» **WHAT YOU ARE ASKED TO DO**
Every entry below is to be copied exactly, apart from any picture it holds.

» **Data items**
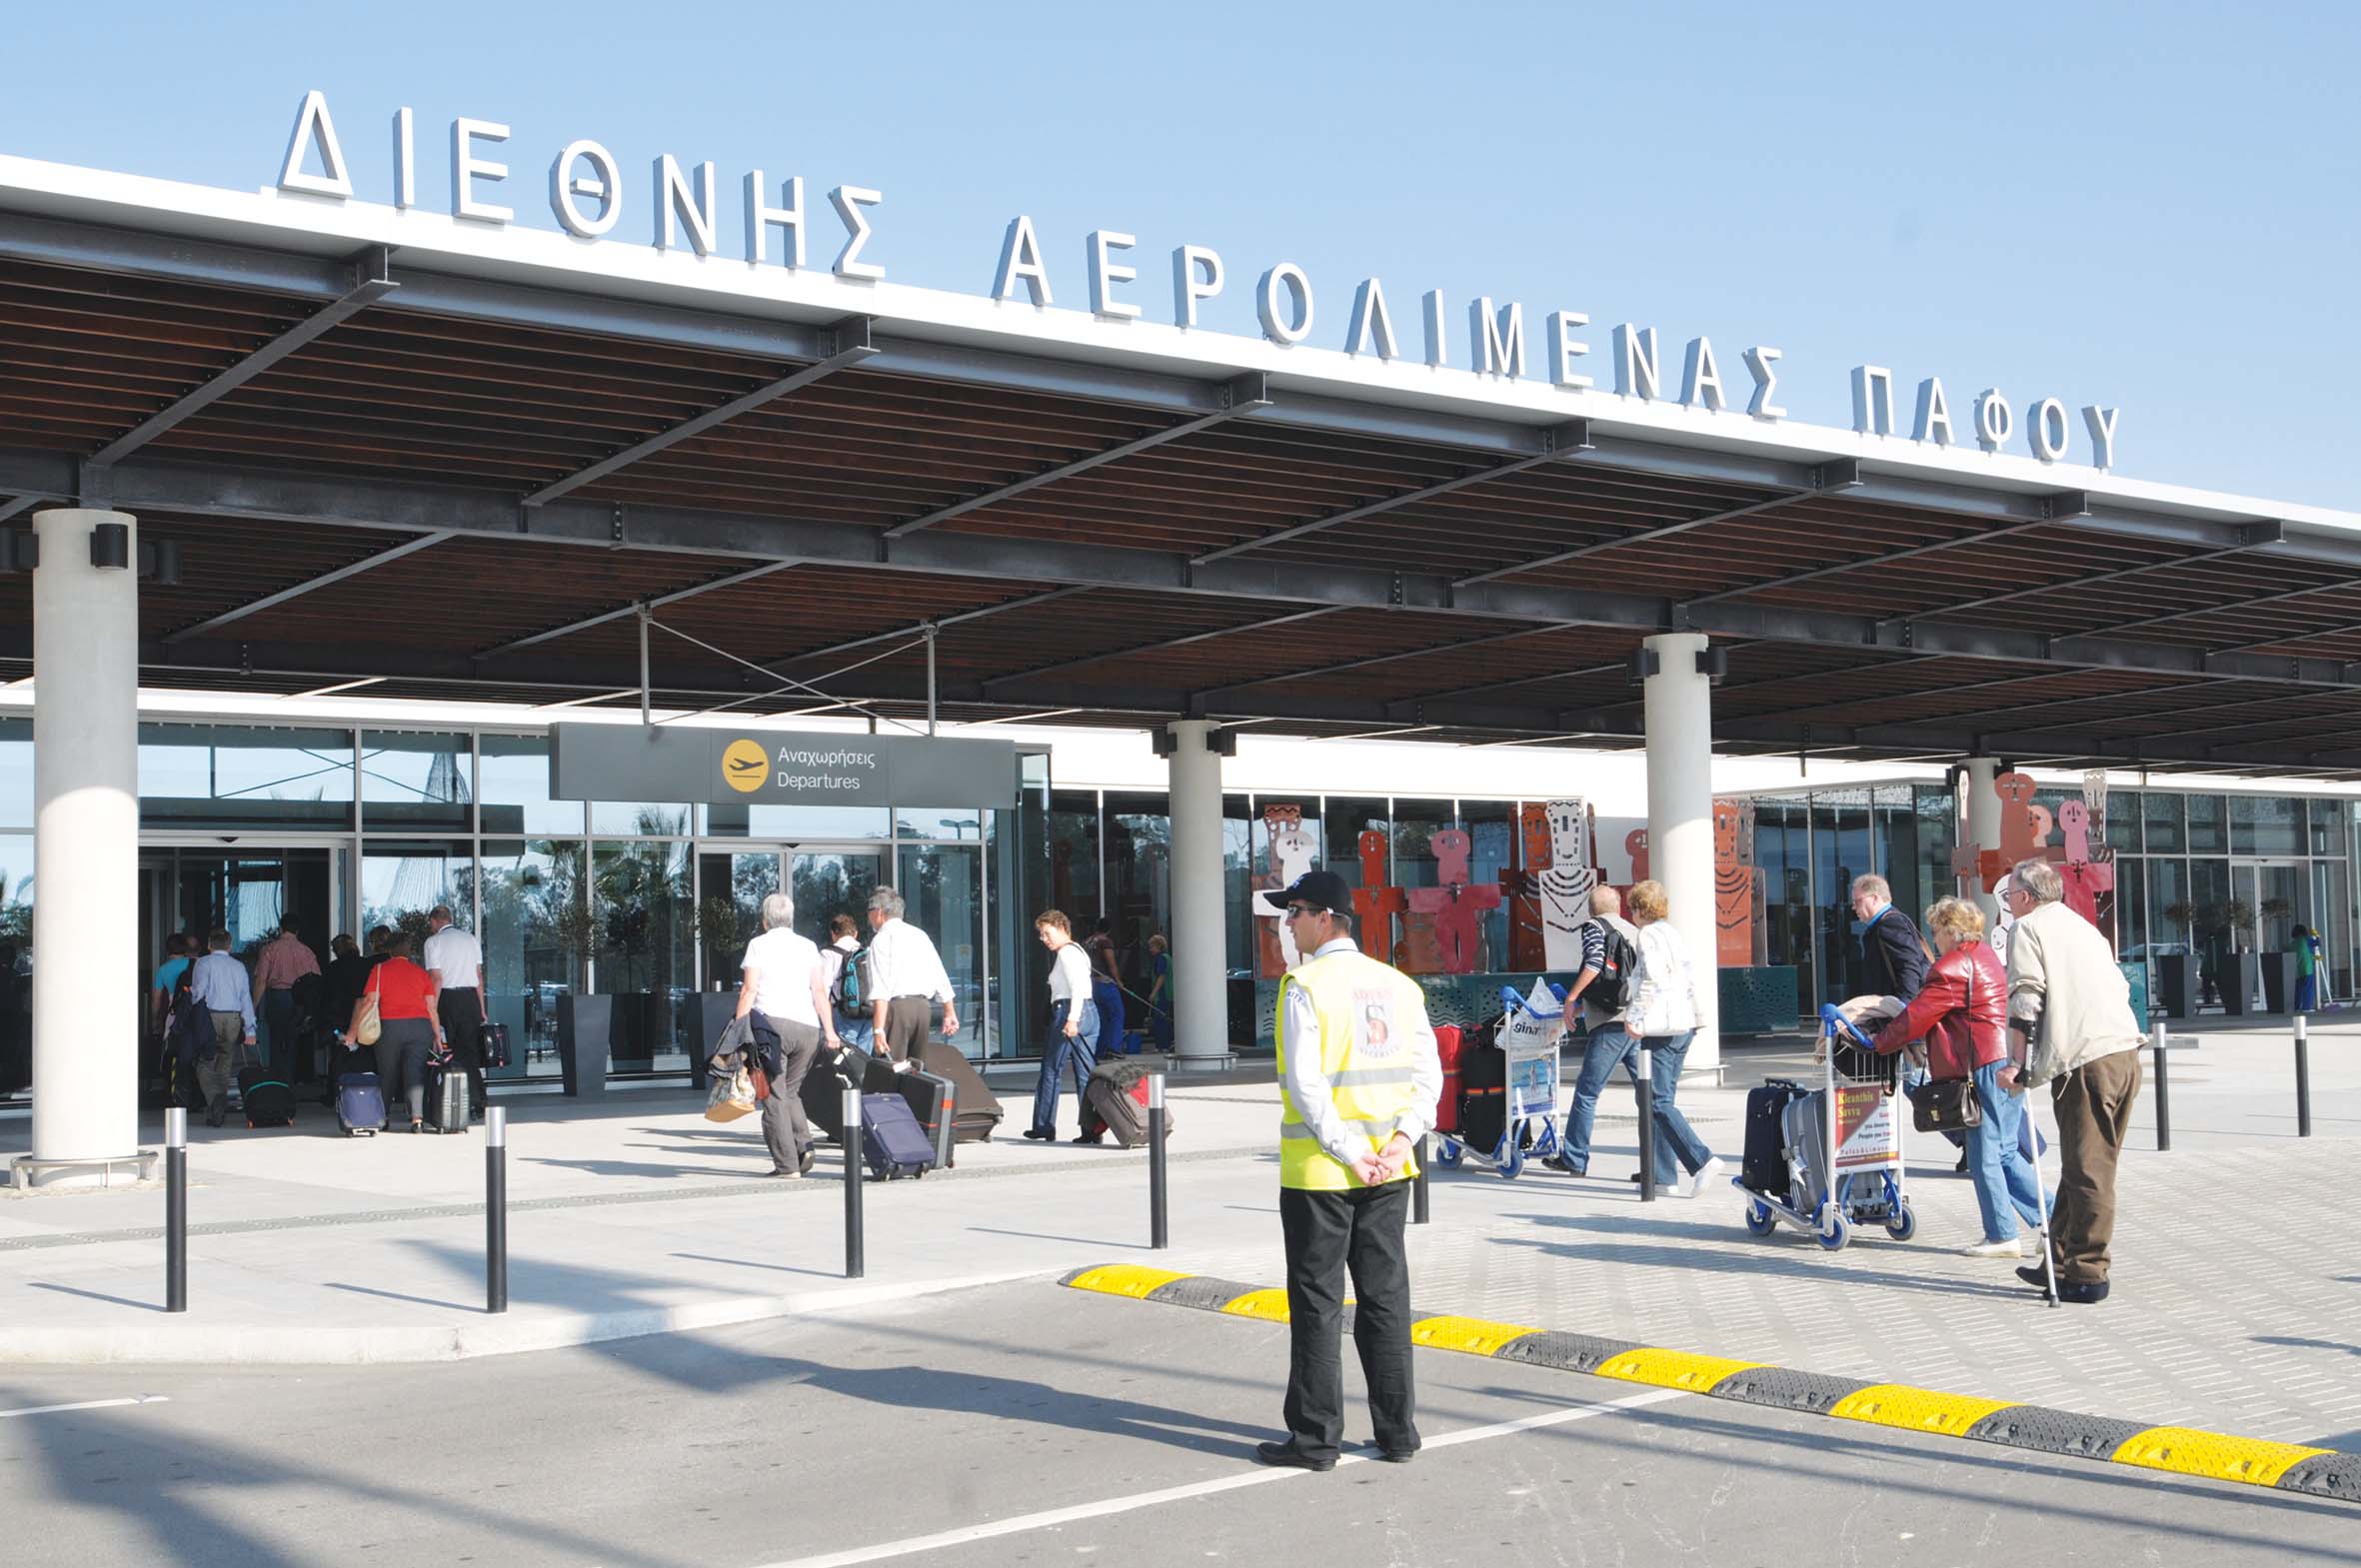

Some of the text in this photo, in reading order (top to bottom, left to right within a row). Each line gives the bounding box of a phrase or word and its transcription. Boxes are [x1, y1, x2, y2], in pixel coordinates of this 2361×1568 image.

[278, 90, 2119, 470] ΔΙΕΘΝΗΣ ΑΕΡΟΛΙΜΕΝΑΣ ΠΑΦΟΥ
[778, 747, 877, 768] Αναχωρήσεις
[778, 772, 861, 790] Departures
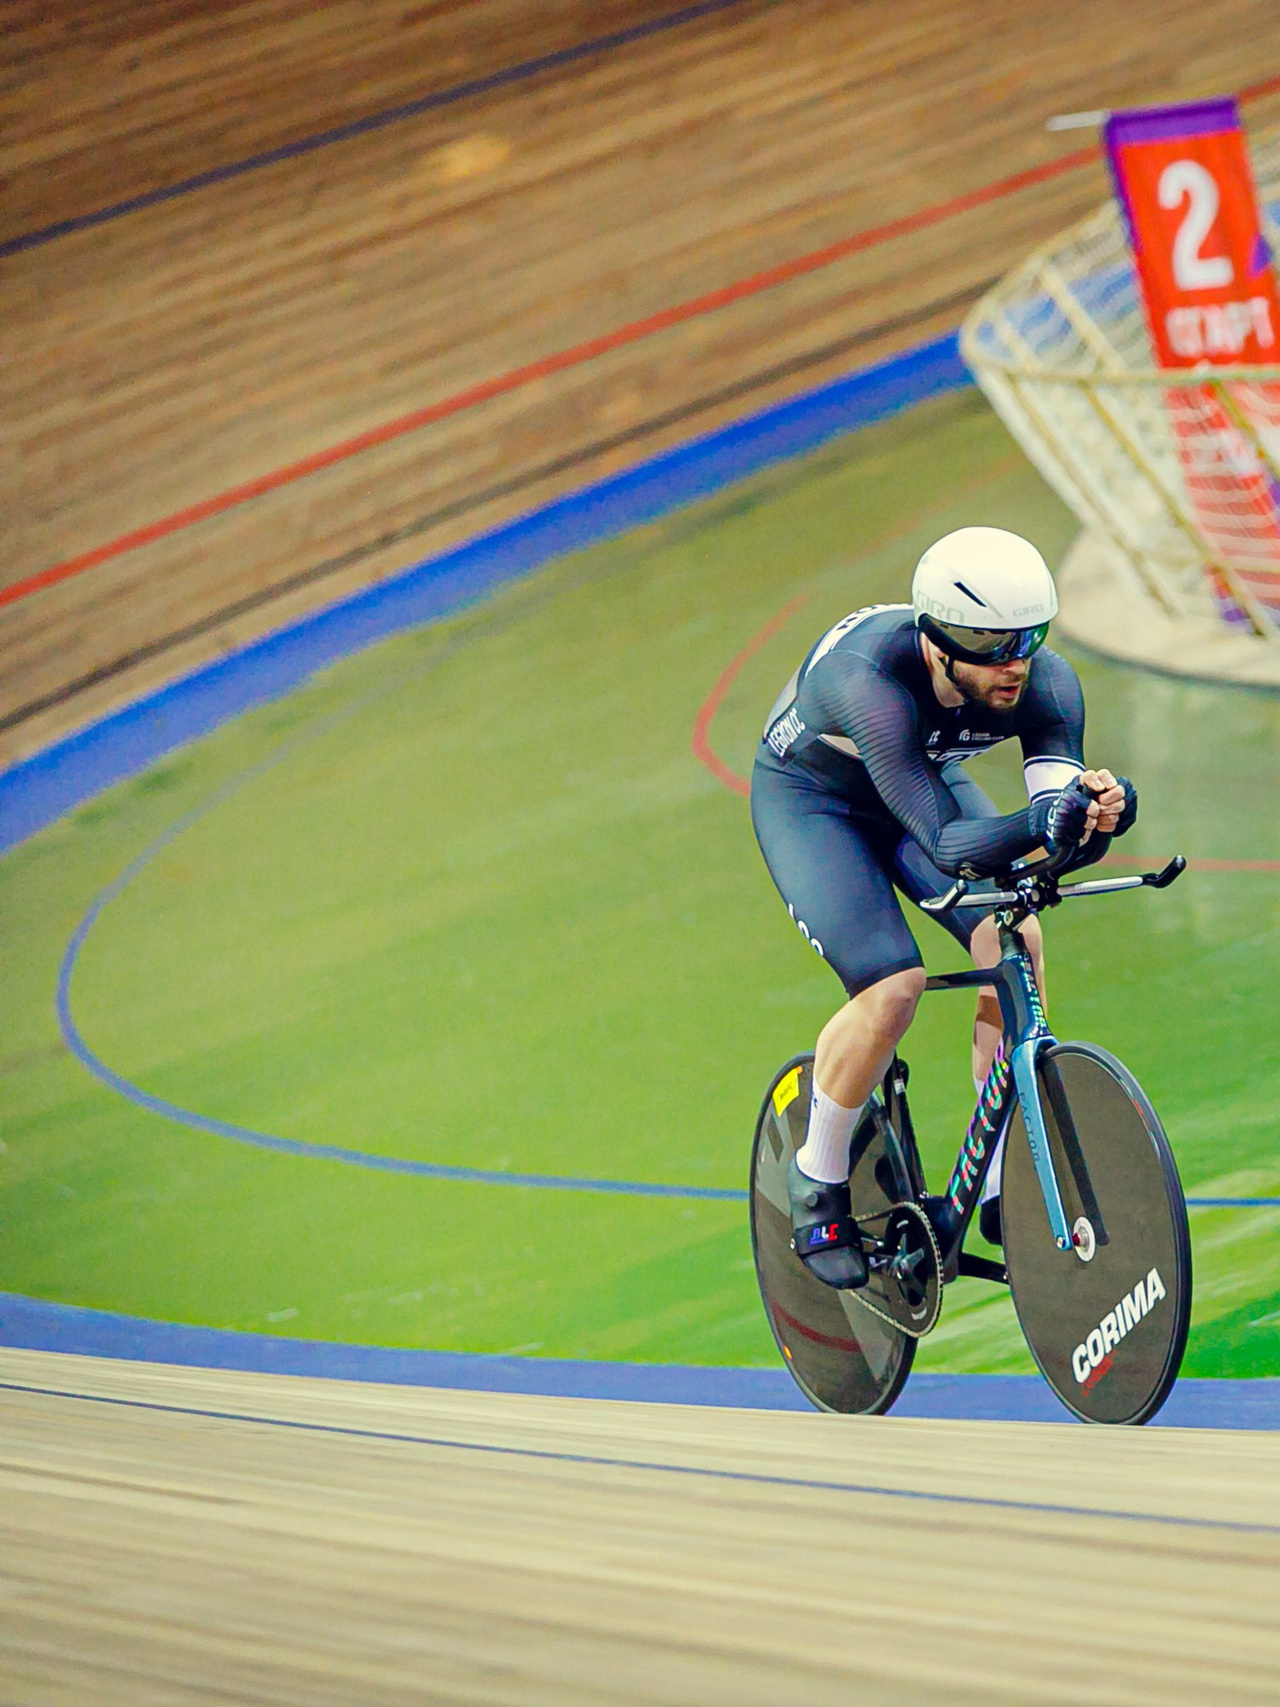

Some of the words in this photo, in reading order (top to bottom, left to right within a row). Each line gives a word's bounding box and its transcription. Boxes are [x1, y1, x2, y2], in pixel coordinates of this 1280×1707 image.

» **RESPONSE BELOW**
Some of the text in this photo, in reading order (top to bottom, left to right within a row). Each line gives the bounding box of a phrase or word and its transcription. Boxes are [x1, y1, x2, y2], in pixel coordinates of this 2361×1568 image.

[278, 90, 2119, 470] ΔΙΕΘΝΗΣ ΑΕΡΟΛΙΜΕΝΑΣ ΠΑΦΟΥ
[778, 747, 877, 768] Αναχωρήσεις
[778, 772, 861, 790] Departures

Some of the words in this photo, in reading order (top to bottom, left to right within a row). Each line gives a word's bounding box and its transcription. Boxes are [x1, y1, x2, y2], in pixel coordinates of this 1280×1707 image.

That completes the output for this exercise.